WHAT YOU NEED TO DO → When you transcribe the listing, keep each line exact and drop the pictures.

(RAW DATA begins)

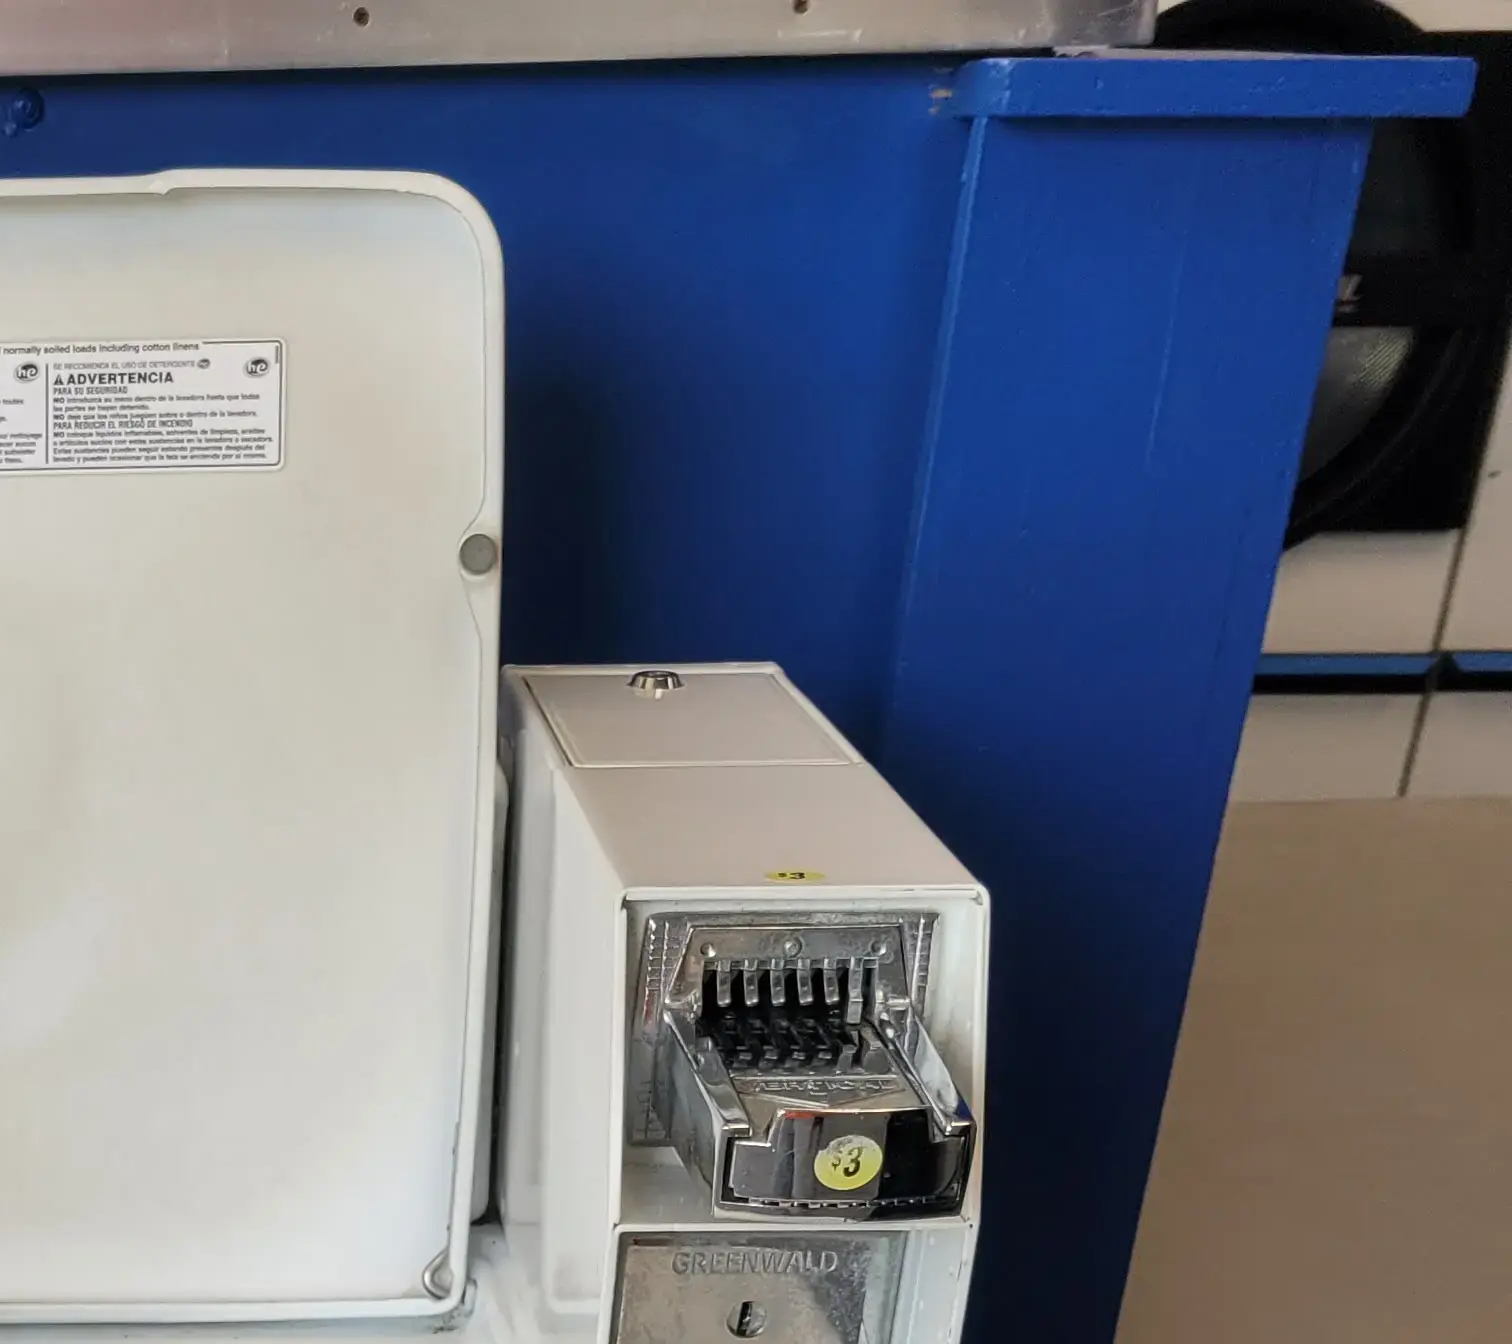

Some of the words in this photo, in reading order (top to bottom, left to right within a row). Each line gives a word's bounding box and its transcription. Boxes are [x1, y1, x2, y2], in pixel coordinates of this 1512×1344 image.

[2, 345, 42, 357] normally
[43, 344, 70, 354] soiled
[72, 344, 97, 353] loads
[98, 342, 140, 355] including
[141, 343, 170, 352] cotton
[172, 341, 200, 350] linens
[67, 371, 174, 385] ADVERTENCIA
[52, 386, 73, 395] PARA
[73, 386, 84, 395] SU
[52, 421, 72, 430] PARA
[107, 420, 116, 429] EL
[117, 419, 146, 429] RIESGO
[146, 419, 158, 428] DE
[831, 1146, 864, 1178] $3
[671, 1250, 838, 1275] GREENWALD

(RAW DATA ends)

SOLVED EXERCISE →
Some of the words in this photo, in reading order (top to bottom, left to right within a row). Each line gives a word's bounding box and its transcription. Boxes are [x1, y1, x2, y2], in pixel coordinates of this 1512×1344 image.

[2, 345, 42, 357] normally
[43, 344, 70, 354] soiled
[72, 344, 97, 353] loads
[98, 342, 140, 355] including
[141, 343, 170, 352] cotton
[172, 341, 200, 350] linens
[67, 371, 174, 385] ADVERTENCIA
[52, 386, 73, 395] PARA
[73, 386, 84, 395] SU
[52, 421, 72, 430] PARA
[107, 420, 116, 429] EL
[117, 419, 146, 429] RIESGO
[146, 419, 158, 428] DE
[831, 1146, 864, 1178] $3
[671, 1250, 838, 1275] GREENWALD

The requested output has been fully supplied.